▶ **Required work**:
For this exercise, transcribe all of the entries exactly.

Stored data entries:
....
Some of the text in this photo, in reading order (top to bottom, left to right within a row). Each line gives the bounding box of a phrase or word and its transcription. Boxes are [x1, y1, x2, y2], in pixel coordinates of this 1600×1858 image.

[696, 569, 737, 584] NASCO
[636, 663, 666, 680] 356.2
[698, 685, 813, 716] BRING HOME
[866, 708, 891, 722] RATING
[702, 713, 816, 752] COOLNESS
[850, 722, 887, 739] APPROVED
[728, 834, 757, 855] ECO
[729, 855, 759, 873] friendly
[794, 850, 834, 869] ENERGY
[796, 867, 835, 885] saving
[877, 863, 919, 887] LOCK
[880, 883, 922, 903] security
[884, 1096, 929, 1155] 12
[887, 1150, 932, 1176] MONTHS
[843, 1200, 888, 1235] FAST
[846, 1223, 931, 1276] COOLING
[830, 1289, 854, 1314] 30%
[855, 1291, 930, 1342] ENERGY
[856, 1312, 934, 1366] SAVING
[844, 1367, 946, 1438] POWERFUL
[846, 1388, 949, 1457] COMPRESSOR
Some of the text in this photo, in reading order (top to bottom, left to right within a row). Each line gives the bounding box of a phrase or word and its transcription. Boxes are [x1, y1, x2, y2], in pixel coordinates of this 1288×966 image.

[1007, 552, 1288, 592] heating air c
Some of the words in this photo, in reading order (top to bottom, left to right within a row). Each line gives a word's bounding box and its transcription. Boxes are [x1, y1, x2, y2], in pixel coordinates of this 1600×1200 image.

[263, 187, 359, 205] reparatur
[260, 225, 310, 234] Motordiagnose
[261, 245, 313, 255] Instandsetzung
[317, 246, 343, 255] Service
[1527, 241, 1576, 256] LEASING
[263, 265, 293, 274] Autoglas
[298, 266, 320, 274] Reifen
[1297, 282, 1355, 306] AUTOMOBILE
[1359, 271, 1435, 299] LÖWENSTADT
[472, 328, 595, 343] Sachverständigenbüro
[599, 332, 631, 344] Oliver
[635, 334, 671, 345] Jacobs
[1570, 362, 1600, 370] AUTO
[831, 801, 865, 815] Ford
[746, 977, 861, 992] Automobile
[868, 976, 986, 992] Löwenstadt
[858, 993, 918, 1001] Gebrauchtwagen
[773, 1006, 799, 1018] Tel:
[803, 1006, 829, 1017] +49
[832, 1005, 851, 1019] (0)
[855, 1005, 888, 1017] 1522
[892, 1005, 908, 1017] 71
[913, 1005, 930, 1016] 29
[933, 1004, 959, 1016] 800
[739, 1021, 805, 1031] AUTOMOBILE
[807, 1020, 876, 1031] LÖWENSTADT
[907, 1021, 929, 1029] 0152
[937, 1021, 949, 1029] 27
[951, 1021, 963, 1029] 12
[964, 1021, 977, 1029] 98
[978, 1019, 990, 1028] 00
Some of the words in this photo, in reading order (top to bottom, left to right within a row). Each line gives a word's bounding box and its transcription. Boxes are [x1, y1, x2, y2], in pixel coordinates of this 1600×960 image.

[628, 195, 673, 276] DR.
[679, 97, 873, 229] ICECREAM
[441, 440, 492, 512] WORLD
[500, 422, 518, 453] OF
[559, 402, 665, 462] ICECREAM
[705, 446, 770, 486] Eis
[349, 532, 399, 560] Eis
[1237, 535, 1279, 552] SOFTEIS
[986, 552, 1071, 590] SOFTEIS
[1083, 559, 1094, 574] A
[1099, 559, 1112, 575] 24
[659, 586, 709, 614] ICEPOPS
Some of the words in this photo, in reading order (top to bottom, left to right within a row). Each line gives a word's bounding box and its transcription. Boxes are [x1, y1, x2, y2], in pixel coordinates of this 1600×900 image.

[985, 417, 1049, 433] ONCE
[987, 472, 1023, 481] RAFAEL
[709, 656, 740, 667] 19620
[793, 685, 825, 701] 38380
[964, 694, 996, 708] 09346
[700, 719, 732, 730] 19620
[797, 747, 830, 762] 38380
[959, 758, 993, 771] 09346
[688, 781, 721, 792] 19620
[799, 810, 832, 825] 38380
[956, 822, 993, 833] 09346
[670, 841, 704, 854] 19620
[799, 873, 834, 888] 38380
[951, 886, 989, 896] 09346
....
▶ **Response box**:
Some of the text in this photo, in reading order (top to bottom, left to right within a row). Each line gives the bounding box of a phrase or word and its transcription. Boxes are [x1, y1, x2, y2], in pixel coordinates of this 1600×1858 image.

[696, 569, 737, 584] NASCO
[636, 663, 666, 680] 356.2
[698, 685, 813, 716] BRING HOME
[866, 708, 891, 722] RATING
[702, 713, 816, 752] COOLNESS
[850, 722, 887, 739] APPROVED
[728, 834, 757, 855] ECO
[729, 855, 759, 873] friendly
[794, 850, 834, 869] ENERGY
[796, 867, 835, 885] saving
[877, 863, 919, 887] LOCK
[880, 883, 922, 903] security
[884, 1096, 929, 1155] 12
[887, 1150, 932, 1176] MONTHS
[843, 1200, 888, 1235] FAST
[846, 1223, 931, 1276] COOLING
[830, 1289, 854, 1314] 30%
[855, 1291, 930, 1342] ENERGY
[856, 1312, 934, 1366] SAVING
[844, 1367, 946, 1438] POWERFUL
[846, 1388, 949, 1457] COMPRESSOR
Some of the text in this photo, in reading order (top to bottom, left to right within a row). Each line gives the bounding box of a phrase or word and its transcription. Boxes are [x1, y1, x2, y2], in pixel coordinates of this 1288×966 image.

[1007, 552, 1288, 592] heating air c
Some of the words in this photo, in reading order (top to bottom, left to right within a row). Each line gives a word's bounding box and its transcription. Boxes are [x1, y1, x2, y2], in pixel coordinates of this 1600×1200 image.

[263, 187, 359, 205] reparatur
[260, 225, 310, 234] Motordiagnose
[261, 245, 313, 255] Instandsetzung
[317, 246, 343, 255] Service
[1527, 241, 1576, 256] LEASING
[263, 265, 293, 274] Autoglas
[298, 266, 320, 274] Reifen
[1297, 282, 1355, 306] AUTOMOBILE
[1359, 271, 1435, 299] LÖWENSTADT
[472, 328, 595, 343] Sachverständigenbüro
[599, 332, 631, 344] Oliver
[635, 334, 671, 345] Jacobs
[1570, 362, 1600, 370] AUTO
[831, 801, 865, 815] Ford
[746, 977, 861, 992] Automobile
[868, 976, 986, 992] Löwenstadt
[858, 993, 918, 1001] Gebrauchtwagen
[773, 1006, 799, 1018] Tel:
[803, 1006, 829, 1017] +49
[832, 1005, 851, 1019] (0)
[855, 1005, 888, 1017] 1522
[892, 1005, 908, 1017] 71
[913, 1005, 930, 1016] 29
[933, 1004, 959, 1016] 800
[739, 1021, 805, 1031] AUTOMOBILE
[807, 1020, 876, 1031] LÖWENSTADT
[907, 1021, 929, 1029] 0152
[937, 1021, 949, 1029] 27
[951, 1021, 963, 1029] 12
[964, 1021, 977, 1029] 98
[978, 1019, 990, 1028] 00
Some of the words in this photo, in reading order (top to bottom, left to right within a row). Each line gives a word's bounding box and its transcription. Boxes are [x1, y1, x2, y2], in pixel coordinates of this 1600×960 image.

[628, 195, 673, 276] DR.
[679, 97, 873, 229] ICECREAM
[441, 440, 492, 512] WORLD
[500, 422, 518, 453] OF
[559, 402, 665, 462] ICECREAM
[705, 446, 770, 486] Eis
[349, 532, 399, 560] Eis
[1237, 535, 1279, 552] SOFTEIS
[986, 552, 1071, 590] SOFTEIS
[1083, 559, 1094, 574] A
[1099, 559, 1112, 575] 24
[659, 586, 709, 614] ICEPOPS
Some of the words in this photo, in reading order (top to bottom, left to right within a row). Each line gives a word's bounding box and its transcription. Boxes are [x1, y1, x2, y2], in pixel coordinates of this 1600×900 image.

[985, 417, 1049, 433] ONCE
[987, 472, 1023, 481] RAFAEL
[709, 656, 740, 667] 19620
[793, 685, 825, 701] 38380
[964, 694, 996, 708] 09346
[700, 719, 732, 730] 19620
[797, 747, 830, 762] 38380
[959, 758, 993, 771] 09346
[688, 781, 721, 792] 19620
[799, 810, 832, 825] 38380
[956, 822, 993, 833] 09346
[670, 841, 704, 854] 19620
[799, 873, 834, 888] 38380
[951, 886, 989, 896] 09346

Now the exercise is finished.